With the images removed, repeat the data below exactly.
═══ Study material ═══
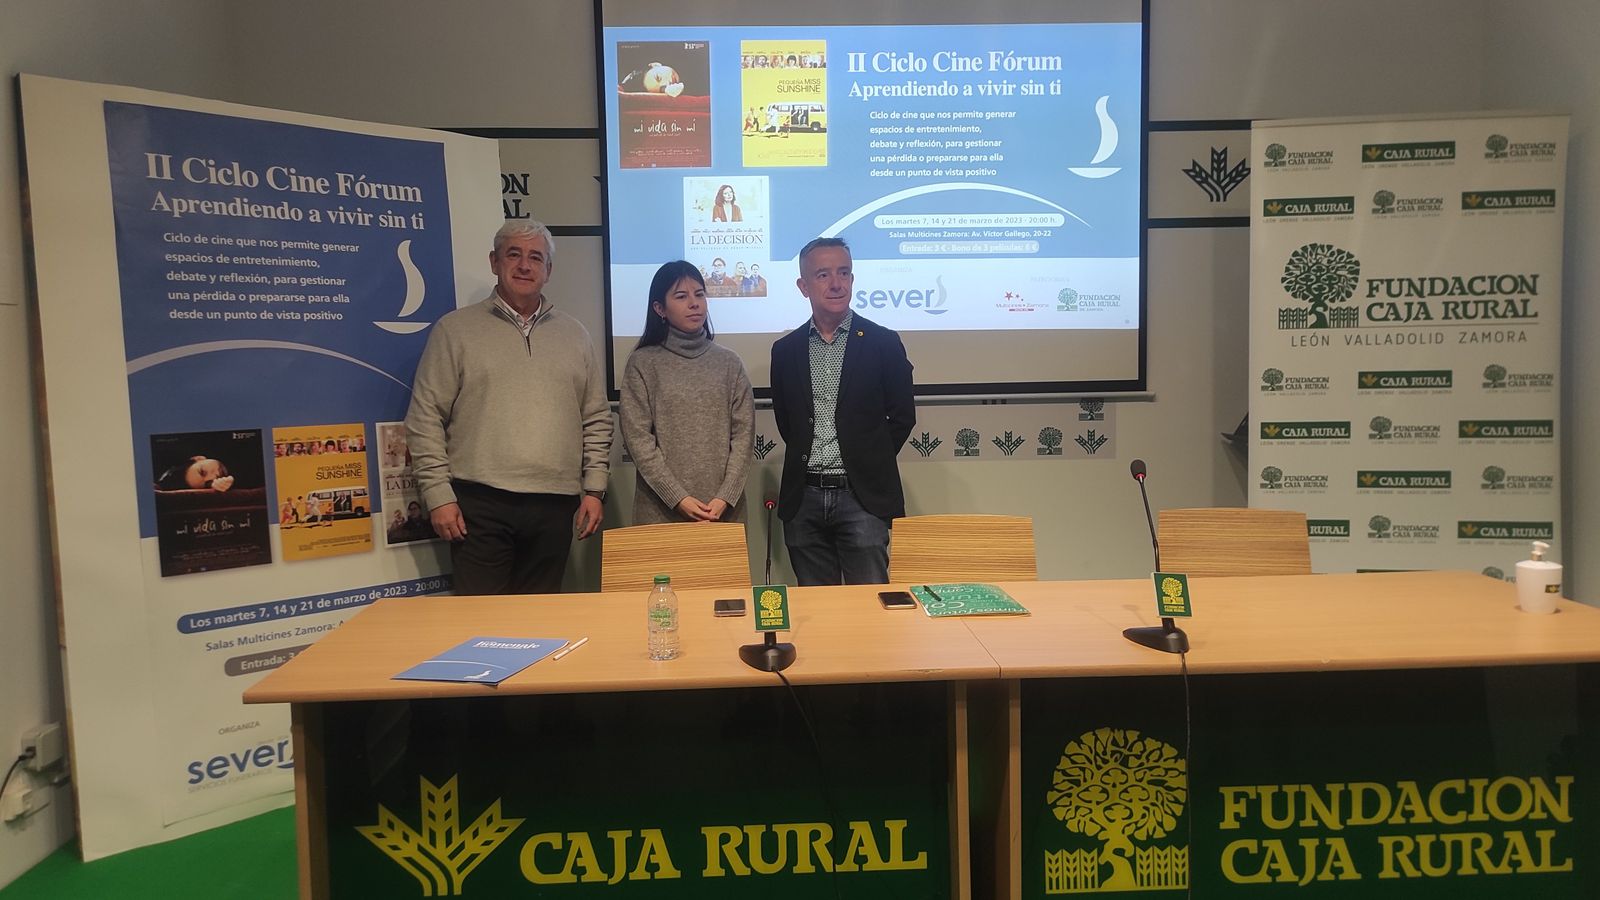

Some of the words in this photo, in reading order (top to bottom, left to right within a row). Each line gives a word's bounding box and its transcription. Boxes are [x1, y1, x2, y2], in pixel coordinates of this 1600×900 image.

[847, 52, 866, 72] II
[872, 51, 927, 72] Ciclo
[932, 51, 982, 72] Cine
[987, 50, 1062, 71] Fórum
[776, 84, 821, 93] SUNSHINE
[848, 80, 958, 101] Aprendiendo
[962, 84, 972, 96] a
[977, 79, 1016, 95] vivir
[1020, 79, 1044, 95] sin
[1049, 79, 1060, 95] ti
[869, 110, 888, 119] Ciclo
[890, 110, 900, 119] de
[902, 110, 918, 118] cine
[919, 112, 935, 120] que
[952, 110, 983, 120] permite
[985, 111, 1016, 120] generar
[869, 125, 902, 135] espacios
[904, 125, 914, 133] de
[916, 124, 982, 133] entretenimiento,
[869, 139, 897, 148] debate
[906, 139, 943, 148] reflexión,
[945, 140, 963, 149] para
[964, 138, 1002, 148] gestionar
[886, 153, 917, 164] pérdida
[926, 155, 968, 163] prepararse
[969, 154, 987, 163] para
[989, 152, 1003, 161] ella
[1383, 149, 1411, 159] CAJA
[1414, 147, 1453, 158] RURAL
[144, 152, 174, 180] II
[182, 157, 259, 187] Ciclo
[266, 166, 329, 194] Cine
[335, 172, 422, 202] Fórum
[870, 168, 893, 176] desde
[907, 169, 931, 178] punto
[932, 168, 943, 176] de
[944, 167, 963, 176] vista
[965, 167, 996, 177] positivo
[1284, 204, 1311, 213] CAJA
[1314, 202, 1352, 212] RURAL
[1484, 197, 1512, 206] CAJA
[1515, 195, 1553, 205] RURAL
[151, 191, 302, 221] Aprendiendo
[308, 208, 321, 222] a
[326, 206, 373, 226] vivir
[378, 209, 406, 228] sin
[410, 212, 424, 229] ti
[163, 232, 191, 243] Ciclo
[193, 233, 208, 244] de
[210, 234, 233, 245] cine
[236, 238, 256, 248] que
[259, 239, 278, 247] nos
[280, 240, 320, 250] permite
[321, 243, 359, 252] generar
[164, 253, 213, 264] espacios
[215, 254, 230, 263] de
[232, 255, 320, 268] entretenimiento,
[166, 270, 207, 281] debate
[208, 274, 216, 284] y
[219, 272, 271, 284] reflexión,
[273, 276, 297, 286] para
[299, 275, 346, 286] gestionar
[1365, 274, 1539, 298] FUNDACION
[192, 290, 236, 302] pérdida
[248, 294, 305, 303] prepararse
[307, 295, 330, 304] para
[332, 293, 350, 303] ella
[855, 288, 935, 309] sever
[169, 309, 203, 319] desde
[224, 311, 257, 321] punto
[259, 310, 273, 319] de
[276, 310, 301, 319] vista
[303, 310, 343, 321] positivo
[1366, 301, 1433, 323] CAJA
[1441, 298, 1538, 320] RURAL
[1291, 332, 1329, 347] LEÓN
[1344, 332, 1444, 345] VALLADOLID
[1458, 330, 1527, 344] ZAMORA
[1380, 377, 1408, 386] CAJA
[1411, 376, 1450, 385] RURAL
[1281, 428, 1308, 437] CAJA
[1311, 427, 1348, 436] RURAL
[316, 468, 363, 480] SUNSHINE
[1310, 525, 1348, 534] RURAL
[190, 618, 211, 628] Los
[214, 611, 256, 624] martes
[258, 607, 270, 617] 7,
[273, 604, 287, 615] 14
[289, 604, 297, 614] y
[300, 600, 313, 611] 21
[316, 598, 331, 608] de
[333, 593, 366, 605] marzo
[368, 590, 382, 600] de
[383, 585, 408, 597] 2023
[415, 579, 440, 592] 20:00
[205, 640, 234, 651] Salas
[237, 630, 292, 645] Multicines
[294, 622, 336, 636] Zamora:
[241, 655, 287, 670] Entrada:
[187, 740, 289, 784] sever
[1219, 776, 1573, 830] FUNDACION
[519, 828, 681, 884] CAJA
[701, 819, 927, 877] RURAL
[1220, 837, 1361, 885] CAJA
[1378, 829, 1572, 878] RURAL
═══
### [Solved problem]
Some of the words in this photo, in reading order (top to bottom, left to right within a row). Each line gives a word's bounding box and its transcription. Boxes are [x1, y1, x2, y2], in pixel coordinates of this 1600×900 image.

[847, 52, 866, 72] II
[872, 51, 927, 72] Ciclo
[932, 51, 982, 72] Cine
[987, 50, 1062, 71] Fórum
[776, 84, 821, 93] SUNSHINE
[848, 80, 958, 101] Aprendiendo
[962, 84, 972, 96] a
[977, 79, 1016, 95] vivir
[1020, 79, 1044, 95] sin
[1049, 79, 1060, 95] ti
[869, 110, 888, 119] Ciclo
[890, 110, 900, 119] de
[902, 110, 918, 118] cine
[919, 112, 935, 120] que
[952, 110, 983, 120] permite
[985, 111, 1016, 120] generar
[869, 125, 902, 135] espacios
[904, 125, 914, 133] de
[916, 124, 982, 133] entretenimiento,
[869, 139, 897, 148] debate
[906, 139, 943, 148] reflexión,
[945, 140, 963, 149] para
[964, 138, 1002, 148] gestionar
[886, 153, 917, 164] pérdida
[926, 155, 968, 163] prepararse
[969, 154, 987, 163] para
[989, 152, 1003, 161] ella
[1383, 149, 1411, 159] CAJA
[1414, 147, 1453, 158] RURAL
[144, 152, 174, 180] II
[182, 157, 259, 187] Ciclo
[266, 166, 329, 194] Cine
[335, 172, 422, 202] Fórum
[870, 168, 893, 176] desde
[907, 169, 931, 178] punto
[932, 168, 943, 176] de
[944, 167, 963, 176] vista
[965, 167, 996, 177] positivo
[1284, 204, 1311, 213] CAJA
[1314, 202, 1352, 212] RURAL
[1484, 197, 1512, 206] CAJA
[1515, 195, 1553, 205] RURAL
[151, 191, 302, 221] Aprendiendo
[308, 208, 321, 222] a
[326, 206, 373, 226] vivir
[378, 209, 406, 228] sin
[410, 212, 424, 229] ti
[163, 232, 191, 243] Ciclo
[193, 233, 208, 244] de
[210, 234, 233, 245] cine
[236, 238, 256, 248] que
[259, 239, 278, 247] nos
[280, 240, 320, 250] permite
[321, 243, 359, 252] generar
[164, 253, 213, 264] espacios
[215, 254, 230, 263] de
[232, 255, 320, 268] entretenimiento,
[166, 270, 207, 281] debate
[208, 274, 216, 284] y
[219, 272, 271, 284] reflexión,
[273, 276, 297, 286] para
[299, 275, 346, 286] gestionar
[1365, 274, 1539, 298] FUNDACION
[192, 290, 236, 302] pérdida
[248, 294, 305, 303] prepararse
[307, 295, 330, 304] para
[332, 293, 350, 303] ella
[855, 288, 935, 309] sever
[169, 309, 203, 319] desde
[224, 311, 257, 321] punto
[259, 310, 273, 319] de
[276, 310, 301, 319] vista
[303, 310, 343, 321] positivo
[1366, 301, 1433, 323] CAJA
[1441, 298, 1538, 320] RURAL
[1291, 332, 1329, 347] LEÓN
[1344, 332, 1444, 345] VALLADOLID
[1458, 330, 1527, 344] ZAMORA
[1380, 377, 1408, 386] CAJA
[1411, 376, 1450, 385] RURAL
[1281, 428, 1308, 437] CAJA
[1311, 427, 1348, 436] RURAL
[316, 468, 363, 480] SUNSHINE
[1310, 525, 1348, 534] RURAL
[190, 618, 211, 628] Los
[214, 611, 256, 624] martes
[258, 607, 270, 617] 7,
[273, 604, 287, 615] 14
[289, 604, 297, 614] y
[300, 600, 313, 611] 21
[316, 598, 331, 608] de
[333, 593, 366, 605] marzo
[368, 590, 382, 600] de
[383, 585, 408, 597] 2023
[415, 579, 440, 592] 20:00
[205, 640, 234, 651] Salas
[237, 630, 292, 645] Multicines
[294, 622, 336, 636] Zamora:
[241, 655, 287, 670] Entrada:
[187, 740, 289, 784] sever
[1219, 776, 1573, 830] FUNDACION
[519, 828, 681, 884] CAJA
[701, 819, 927, 877] RURAL
[1220, 837, 1361, 885] CAJA
[1378, 829, 1572, 878] RURAL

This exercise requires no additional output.